Este hábito de procurar culpados é outra coisa que precisa ser eliminada do chão-de-fábrica se quisermos, de fato, aumentar a produtividade. A busca por culpados antagoniza com a busca pela causa raíz dos problemas e toda a cultura Kaizen (melhoria contínua, cooperação e grupos de trabalho pró-qualidade) e os pilares da Produção Enxuta. Aquela devolução que gera a devolução e a demissão de fulano, ao invés de uma ação de melhoria com treinamento, PDCA e a busca pela eliminação completa da possibilidade de sua recorrência futura silenciará os demais colaboradores por um bom período de tempo.
Cicrano vai esconder o defeito, não vai marcá-lo com bandeirolas coloridas, não registrará na ficha de apontamentos e, se o cliente não devolver ou reclamar, o ímpeto de produzir com qualidade se esvairá.
Embora pareça um tanto básico, não podemos nos eximir de pontuar a importância da definição de metas de produtividade e controle do processo. Metas arrojadas, mas factíveis, claras e apresentadas periodicamente num sistema de gestão à vista com a máxima governança possível.
Se um programa de produção advindo do PCP não registra quando um acerto deve iniciar e finalizar, cada operador o conduzirá da maneira que julga correta ou conveniente. Isso vale para o controle do processo. Quantas ordens de produção de trabalhos novos deram certo da primeira vez? E quantas deveriam ter dado, de acordo com a meta?

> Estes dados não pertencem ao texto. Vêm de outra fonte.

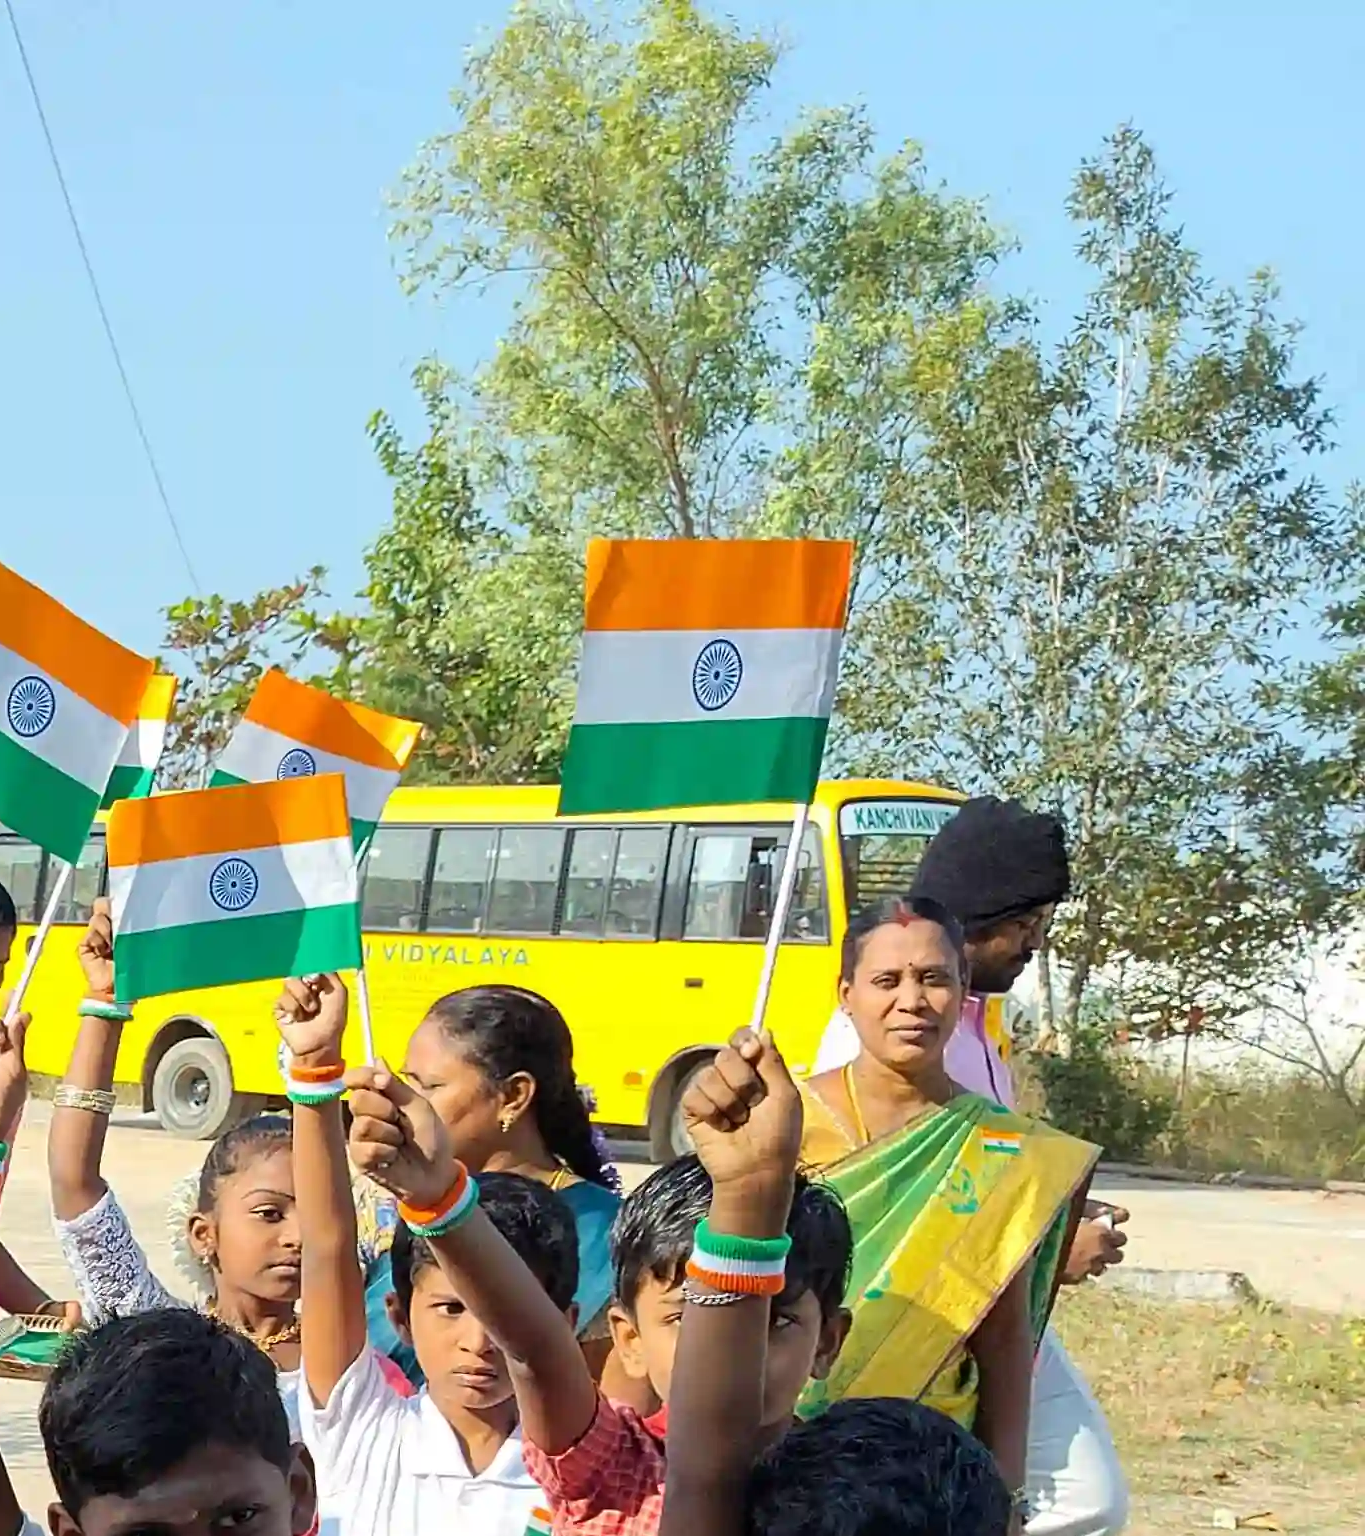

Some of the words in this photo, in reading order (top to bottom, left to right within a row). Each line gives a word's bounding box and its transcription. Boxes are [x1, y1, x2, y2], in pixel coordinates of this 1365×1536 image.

Qual o percentual de variação aceitável nos atributos das tintas formuladas e enviadas à máquina impressora? Ou das fôrmas de impressão?
A velha máxima de “quem não mede, não controla” deveria ser uma frase com letras garrafais impressa num banner no meio da fábrica, principalmente no setor de impressão.
O último empecilho para o aumento da produtividade é o custo de dizer não sei. Todos os dias, colaboradores sentem medo de se expor e dizer ao seu supervisor ou supervisora imediato “eu não sei”. Isto é reflexo do ambiente que busca culpados ao invés de encontrar soluções definitivas para os problemas. Certamente que o ambiente cada vez mais hostil dos mercados e a sociedade em geral cada vez mais “à beira de nervos” tem sua parcela de culpa.
Por este motivo, uma liderança presente e comunicativa é indispensável. Ouvir empaticamente, conversar e acompanhar colaboradores individualmente e em equipes a todo instante é a pedra basilar na construção deste sólido edifício chamado “Produtividade”.